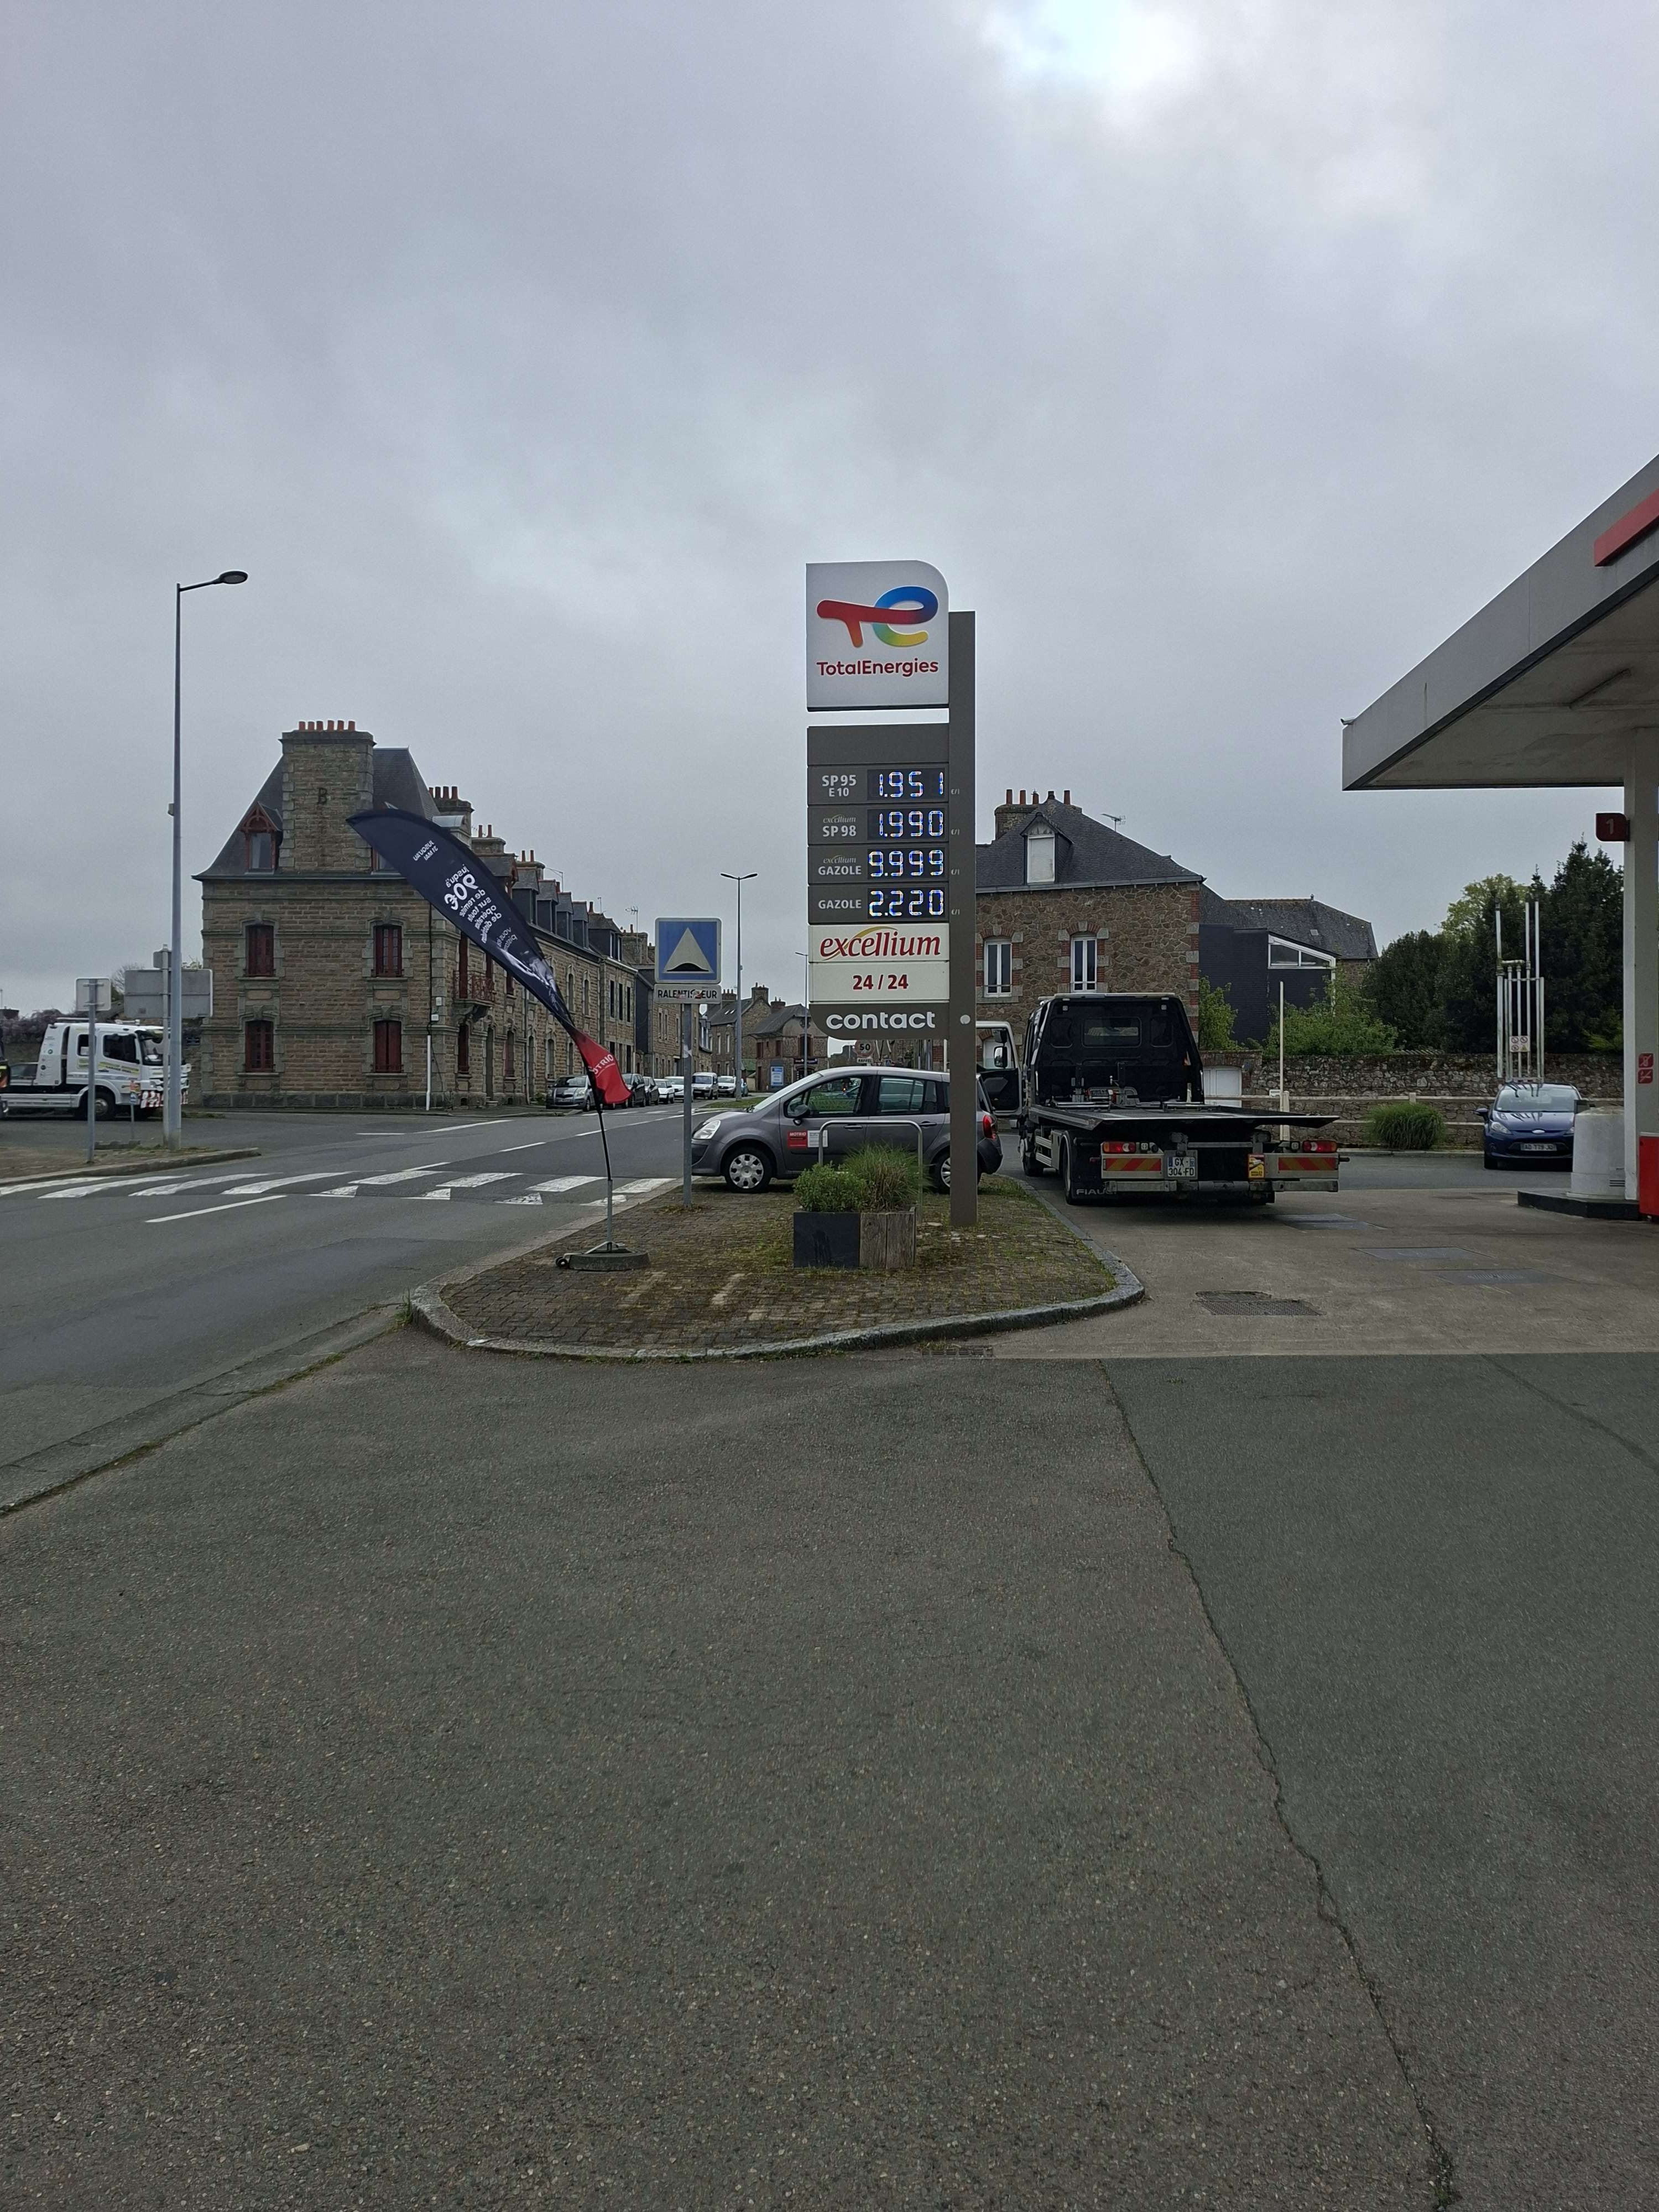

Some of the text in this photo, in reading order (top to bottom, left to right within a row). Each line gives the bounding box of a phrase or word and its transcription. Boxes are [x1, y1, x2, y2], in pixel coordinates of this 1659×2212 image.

[817, 658, 938, 677] TotalEnergies
[879, 771, 943, 797] 1.951
[823, 815, 856, 823] excellium
[879, 811, 943, 837] 1.990
[1605, 818, 1614, 835] 1
[823, 855, 856, 864] excellium
[868, 849, 943, 877] 9.999
[818, 865, 862, 876] GAZOLE
[818, 899, 862, 910] GAZOLE
[869, 889, 943, 916] 2.220
[820, 930, 941, 958] excellium
[658, 989, 717, 999] RALENTISEUR
[826, 1011, 935, 1029] contact
[859, 1043, 870, 1051] 50

_ _ _

:: Aim of the task ::
Give back all of the material exactly, though without the images it contains.

:: Response below ::
Some of the text in this photo, in reading order (top to bottom, left to right within a row). Each line gives the bounding box of a phrase or word and its transcription. Boxes are [x1, y1, x2, y2], in pixel coordinates of this 1659×2212 image.

[817, 658, 938, 677] TotalEnergies
[879, 771, 943, 797] 1.951
[823, 815, 856, 823] excellium
[879, 811, 943, 837] 1.990
[1605, 818, 1614, 835] 1
[823, 855, 856, 864] excellium
[868, 849, 943, 877] 9.999
[818, 865, 862, 876] GAZOLE
[818, 899, 862, 910] GAZOLE
[869, 889, 943, 916] 2.220
[820, 930, 941, 958] excellium
[658, 989, 717, 999] RALENTISEUR
[826, 1011, 935, 1029] contact
[859, 1043, 870, 1051] 50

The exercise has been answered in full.